What Constitutes as Private Rights of Action Under the Affordable Care Act?
The implementation of the Affordable Care Act (ACA) resulted in amendments to several federal statutes, including the Employee Retirement Income Security Act of 1974. ERISA, created to protect the rights of individuals participating in employee benefit plans, mandates that an employer must fulfill certain requirements if an employer chooses to establish an employee benefits plan. ACA’s new coverage mandates create opportunities for litigation to arise both on a class action and single plaintiff level under an ERISA claim.
Sec. 502(a) of ERISA authorizes private plaintiffs, whether participants or beneficiaries, to bring actions against a plan to either recover benefits or to enforce or clarify the rights of the plaintiffs under the terms of the plan.
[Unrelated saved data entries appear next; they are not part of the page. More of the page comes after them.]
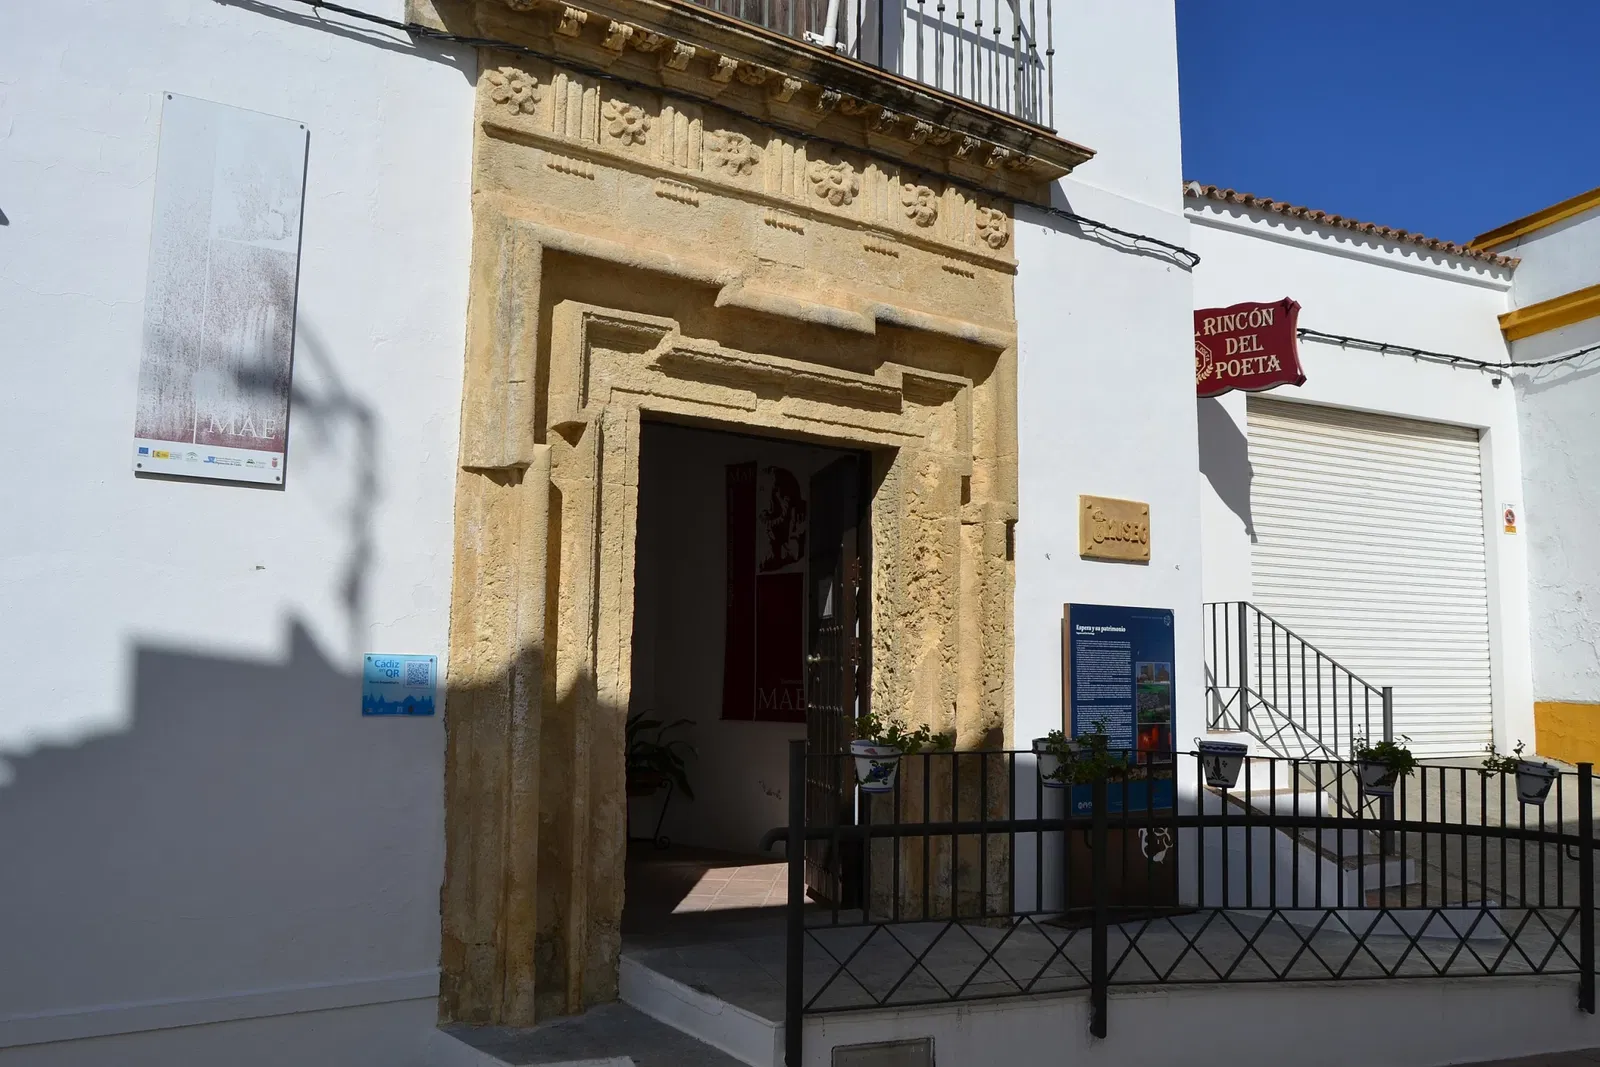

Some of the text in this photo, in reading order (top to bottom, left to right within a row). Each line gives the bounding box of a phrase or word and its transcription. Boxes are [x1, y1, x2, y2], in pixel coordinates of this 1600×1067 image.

[1203, 307, 1275, 336] RINCÓN
[1225, 334, 1264, 355] DEL
[1215, 355, 1282, 379] POETA
[208, 416, 276, 440] MAE
[1104, 519, 1147, 544] MUSEO
[1076, 624, 1091, 632] Espera
[1101, 625, 1126, 633] patrimonio
[375, 659, 399, 668] Cádiz
[386, 669, 400, 678] QR
As such, private individuals may sue companies under ERISA for failing to comply with ACA’s requirements.
Possible areas for litigation include:
Causes of action can be brought to enforce ACA’s coverage mandates including coverage for preventive care, pre-existing conditions, and dependent children until age 26, as well as the elimination of annual and lifetime dollar limits on “essential health benefits.”
These claims will likely be those that challenge
- the manner in which a plan implements or administers a coverage mandate
- the manner in which a coverage mandate has been communicated to participants.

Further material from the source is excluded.